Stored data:

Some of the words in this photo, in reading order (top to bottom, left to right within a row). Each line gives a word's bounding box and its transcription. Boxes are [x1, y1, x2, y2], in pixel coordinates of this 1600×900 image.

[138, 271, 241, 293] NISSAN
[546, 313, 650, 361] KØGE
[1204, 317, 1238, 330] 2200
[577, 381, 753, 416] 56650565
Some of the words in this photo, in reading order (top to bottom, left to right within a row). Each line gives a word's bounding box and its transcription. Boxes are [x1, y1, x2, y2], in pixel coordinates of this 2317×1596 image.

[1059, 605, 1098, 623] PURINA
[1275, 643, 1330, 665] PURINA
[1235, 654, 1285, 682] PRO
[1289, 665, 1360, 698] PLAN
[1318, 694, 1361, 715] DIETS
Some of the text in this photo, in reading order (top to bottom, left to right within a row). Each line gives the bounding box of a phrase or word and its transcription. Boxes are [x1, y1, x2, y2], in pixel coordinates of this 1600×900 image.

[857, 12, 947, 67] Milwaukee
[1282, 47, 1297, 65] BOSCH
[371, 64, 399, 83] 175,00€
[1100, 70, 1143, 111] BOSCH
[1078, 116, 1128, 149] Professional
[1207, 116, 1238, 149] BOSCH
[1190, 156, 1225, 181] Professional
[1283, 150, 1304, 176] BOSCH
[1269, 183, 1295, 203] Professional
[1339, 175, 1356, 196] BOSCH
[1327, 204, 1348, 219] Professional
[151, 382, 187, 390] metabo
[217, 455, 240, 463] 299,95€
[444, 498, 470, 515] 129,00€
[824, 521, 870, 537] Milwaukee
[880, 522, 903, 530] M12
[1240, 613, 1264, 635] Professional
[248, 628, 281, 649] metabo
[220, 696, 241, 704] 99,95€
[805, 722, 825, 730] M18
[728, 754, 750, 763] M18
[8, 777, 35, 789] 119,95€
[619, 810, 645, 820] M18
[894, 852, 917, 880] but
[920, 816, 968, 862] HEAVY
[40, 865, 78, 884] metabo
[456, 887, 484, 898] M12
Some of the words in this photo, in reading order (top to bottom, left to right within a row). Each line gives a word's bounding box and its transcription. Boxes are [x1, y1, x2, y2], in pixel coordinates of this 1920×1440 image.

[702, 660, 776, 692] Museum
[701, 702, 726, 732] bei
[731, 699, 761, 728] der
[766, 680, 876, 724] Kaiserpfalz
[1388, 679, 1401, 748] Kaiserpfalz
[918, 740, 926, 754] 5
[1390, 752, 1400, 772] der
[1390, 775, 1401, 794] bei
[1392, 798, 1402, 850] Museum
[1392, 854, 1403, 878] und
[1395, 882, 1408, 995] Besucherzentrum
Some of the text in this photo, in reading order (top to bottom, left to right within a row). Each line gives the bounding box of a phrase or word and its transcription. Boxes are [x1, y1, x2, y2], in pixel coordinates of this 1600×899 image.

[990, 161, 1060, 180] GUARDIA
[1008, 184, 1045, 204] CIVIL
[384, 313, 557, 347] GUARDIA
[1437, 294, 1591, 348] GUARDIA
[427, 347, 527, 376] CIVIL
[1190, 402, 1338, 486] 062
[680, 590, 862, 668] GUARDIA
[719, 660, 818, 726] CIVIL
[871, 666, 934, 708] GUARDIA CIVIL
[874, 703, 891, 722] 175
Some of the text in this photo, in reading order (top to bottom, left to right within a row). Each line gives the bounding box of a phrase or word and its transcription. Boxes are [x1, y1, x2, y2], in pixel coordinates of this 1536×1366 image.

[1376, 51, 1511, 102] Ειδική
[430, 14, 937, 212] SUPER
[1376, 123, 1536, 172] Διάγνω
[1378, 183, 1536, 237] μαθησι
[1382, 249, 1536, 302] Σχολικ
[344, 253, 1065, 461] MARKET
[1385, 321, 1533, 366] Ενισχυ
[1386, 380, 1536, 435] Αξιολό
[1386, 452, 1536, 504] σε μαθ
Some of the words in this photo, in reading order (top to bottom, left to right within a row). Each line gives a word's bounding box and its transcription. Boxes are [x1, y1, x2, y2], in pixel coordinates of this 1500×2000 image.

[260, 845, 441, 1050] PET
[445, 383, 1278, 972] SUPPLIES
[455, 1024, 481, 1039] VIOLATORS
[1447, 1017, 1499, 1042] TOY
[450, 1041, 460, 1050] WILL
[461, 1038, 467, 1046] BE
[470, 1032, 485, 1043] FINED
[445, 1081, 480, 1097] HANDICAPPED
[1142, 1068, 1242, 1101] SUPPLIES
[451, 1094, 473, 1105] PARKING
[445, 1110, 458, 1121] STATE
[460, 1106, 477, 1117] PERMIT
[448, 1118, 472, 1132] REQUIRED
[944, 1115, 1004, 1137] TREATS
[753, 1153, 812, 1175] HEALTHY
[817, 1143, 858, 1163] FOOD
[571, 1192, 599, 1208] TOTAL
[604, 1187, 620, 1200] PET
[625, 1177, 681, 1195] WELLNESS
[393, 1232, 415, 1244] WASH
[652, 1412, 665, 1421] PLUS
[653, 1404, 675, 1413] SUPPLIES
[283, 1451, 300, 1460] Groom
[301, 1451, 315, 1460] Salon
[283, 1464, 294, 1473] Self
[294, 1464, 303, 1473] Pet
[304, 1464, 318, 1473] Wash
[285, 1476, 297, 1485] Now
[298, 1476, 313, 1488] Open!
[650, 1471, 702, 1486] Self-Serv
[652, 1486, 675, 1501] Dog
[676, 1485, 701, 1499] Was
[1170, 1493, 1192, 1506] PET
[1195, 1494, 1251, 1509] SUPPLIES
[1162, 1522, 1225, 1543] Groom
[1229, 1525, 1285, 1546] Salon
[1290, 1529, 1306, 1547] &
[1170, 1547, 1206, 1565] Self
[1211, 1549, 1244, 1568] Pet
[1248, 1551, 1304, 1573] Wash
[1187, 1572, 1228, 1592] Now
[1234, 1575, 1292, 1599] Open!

*What to produce*
Repeat the data in its entirety, word for word.

*Exercise result*
Some of the words in this photo, in reading order (top to bottom, left to right within a row). Each line gives a word's bounding box and its transcription. Boxes are [x1, y1, x2, y2], in pixel coordinates of this 1600×900 image.

[138, 271, 241, 293] NISSAN
[546, 313, 650, 361] KØGE
[1204, 317, 1238, 330] 2200
[577, 381, 753, 416] 56650565
Some of the words in this photo, in reading order (top to bottom, left to right within a row). Each line gives a word's bounding box and its transcription. Boxes are [x1, y1, x2, y2], in pixel coordinates of this 2317×1596 image.

[1059, 605, 1098, 623] PURINA
[1275, 643, 1330, 665] PURINA
[1235, 654, 1285, 682] PRO
[1289, 665, 1360, 698] PLAN
[1318, 694, 1361, 715] DIETS
Some of the text in this photo, in reading order (top to bottom, left to right within a row). Each line gives the bounding box of a phrase or word and its transcription. Boxes are [x1, y1, x2, y2], in pixel coordinates of this 1600×900 image.

[857, 12, 947, 67] Milwaukee
[1282, 47, 1297, 65] BOSCH
[371, 64, 399, 83] 175,00€
[1100, 70, 1143, 111] BOSCH
[1078, 116, 1128, 149] Professional
[1207, 116, 1238, 149] BOSCH
[1190, 156, 1225, 181] Professional
[1283, 150, 1304, 176] BOSCH
[1269, 183, 1295, 203] Professional
[1339, 175, 1356, 196] BOSCH
[1327, 204, 1348, 219] Professional
[151, 382, 187, 390] metabo
[217, 455, 240, 463] 299,95€
[444, 498, 470, 515] 129,00€
[824, 521, 870, 537] Milwaukee
[880, 522, 903, 530] M12
[1240, 613, 1264, 635] Professional
[248, 628, 281, 649] metabo
[220, 696, 241, 704] 99,95€
[805, 722, 825, 730] M18
[728, 754, 750, 763] M18
[8, 777, 35, 789] 119,95€
[619, 810, 645, 820] M18
[894, 852, 917, 880] but
[920, 816, 968, 862] HEAVY
[40, 865, 78, 884] metabo
[456, 887, 484, 898] M12
Some of the words in this photo, in reading order (top to bottom, left to right within a row). Each line gives a word's bounding box and its transcription. Boxes are [x1, y1, x2, y2], in pixel coordinates of this 1920×1440 image.

[702, 660, 776, 692] Museum
[701, 702, 726, 732] bei
[731, 699, 761, 728] der
[766, 680, 876, 724] Kaiserpfalz
[1388, 679, 1401, 748] Kaiserpfalz
[918, 740, 926, 754] 5
[1390, 752, 1400, 772] der
[1390, 775, 1401, 794] bei
[1392, 798, 1402, 850] Museum
[1392, 854, 1403, 878] und
[1395, 882, 1408, 995] Besucherzentrum
Some of the text in this photo, in reading order (top to bottom, left to right within a row). Each line gives the bounding box of a phrase or word and its transcription. Boxes are [x1, y1, x2, y2], in pixel coordinates of this 1600×899 image.

[990, 161, 1060, 180] GUARDIA
[1008, 184, 1045, 204] CIVIL
[384, 313, 557, 347] GUARDIA
[1437, 294, 1591, 348] GUARDIA
[427, 347, 527, 376] CIVIL
[1190, 402, 1338, 486] 062
[680, 590, 862, 668] GUARDIA
[719, 660, 818, 726] CIVIL
[871, 666, 934, 708] GUARDIA CIVIL
[874, 703, 891, 722] 175
Some of the text in this photo, in reading order (top to bottom, left to right within a row). Each line gives the bounding box of a phrase or word and its transcription. Boxes are [x1, y1, x2, y2], in pixel coordinates of this 1536×1366 image.

[1376, 51, 1511, 102] Ειδική
[430, 14, 937, 212] SUPER
[1376, 123, 1536, 172] Διάγνω
[1378, 183, 1536, 237] μαθησι
[1382, 249, 1536, 302] Σχολικ
[344, 253, 1065, 461] MARKET
[1385, 321, 1533, 366] Ενισχυ
[1386, 380, 1536, 435] Αξιολό
[1386, 452, 1536, 504] σε μαθ
Some of the words in this photo, in reading order (top to bottom, left to right within a row). Each line gives a word's bounding box and its transcription. Boxes are [x1, y1, x2, y2], in pixel coordinates of this 1500×2000 image.

[260, 845, 441, 1050] PET
[445, 383, 1278, 972] SUPPLIES
[455, 1024, 481, 1039] VIOLATORS
[1447, 1017, 1499, 1042] TOY
[450, 1041, 460, 1050] WILL
[461, 1038, 467, 1046] BE
[470, 1032, 485, 1043] FINED
[445, 1081, 480, 1097] HANDICAPPED
[1142, 1068, 1242, 1101] SUPPLIES
[451, 1094, 473, 1105] PARKING
[445, 1110, 458, 1121] STATE
[460, 1106, 477, 1117] PERMIT
[448, 1118, 472, 1132] REQUIRED
[944, 1115, 1004, 1137] TREATS
[753, 1153, 812, 1175] HEALTHY
[817, 1143, 858, 1163] FOOD
[571, 1192, 599, 1208] TOTAL
[604, 1187, 620, 1200] PET
[625, 1177, 681, 1195] WELLNESS
[393, 1232, 415, 1244] WASH
[652, 1412, 665, 1421] PLUS
[653, 1404, 675, 1413] SUPPLIES
[283, 1451, 300, 1460] Groom
[301, 1451, 315, 1460] Salon
[283, 1464, 294, 1473] Self
[294, 1464, 303, 1473] Pet
[304, 1464, 318, 1473] Wash
[285, 1476, 297, 1485] Now
[298, 1476, 313, 1488] Open!
[650, 1471, 702, 1486] Self-Serv
[652, 1486, 675, 1501] Dog
[676, 1485, 701, 1499] Was
[1170, 1493, 1192, 1506] PET
[1195, 1494, 1251, 1509] SUPPLIES
[1162, 1522, 1225, 1543] Groom
[1229, 1525, 1285, 1546] Salon
[1290, 1529, 1306, 1547] &
[1170, 1547, 1206, 1565] Self
[1211, 1549, 1244, 1568] Pet
[1248, 1551, 1304, 1573] Wash
[1187, 1572, 1228, 1592] Now
[1234, 1575, 1292, 1599] Open!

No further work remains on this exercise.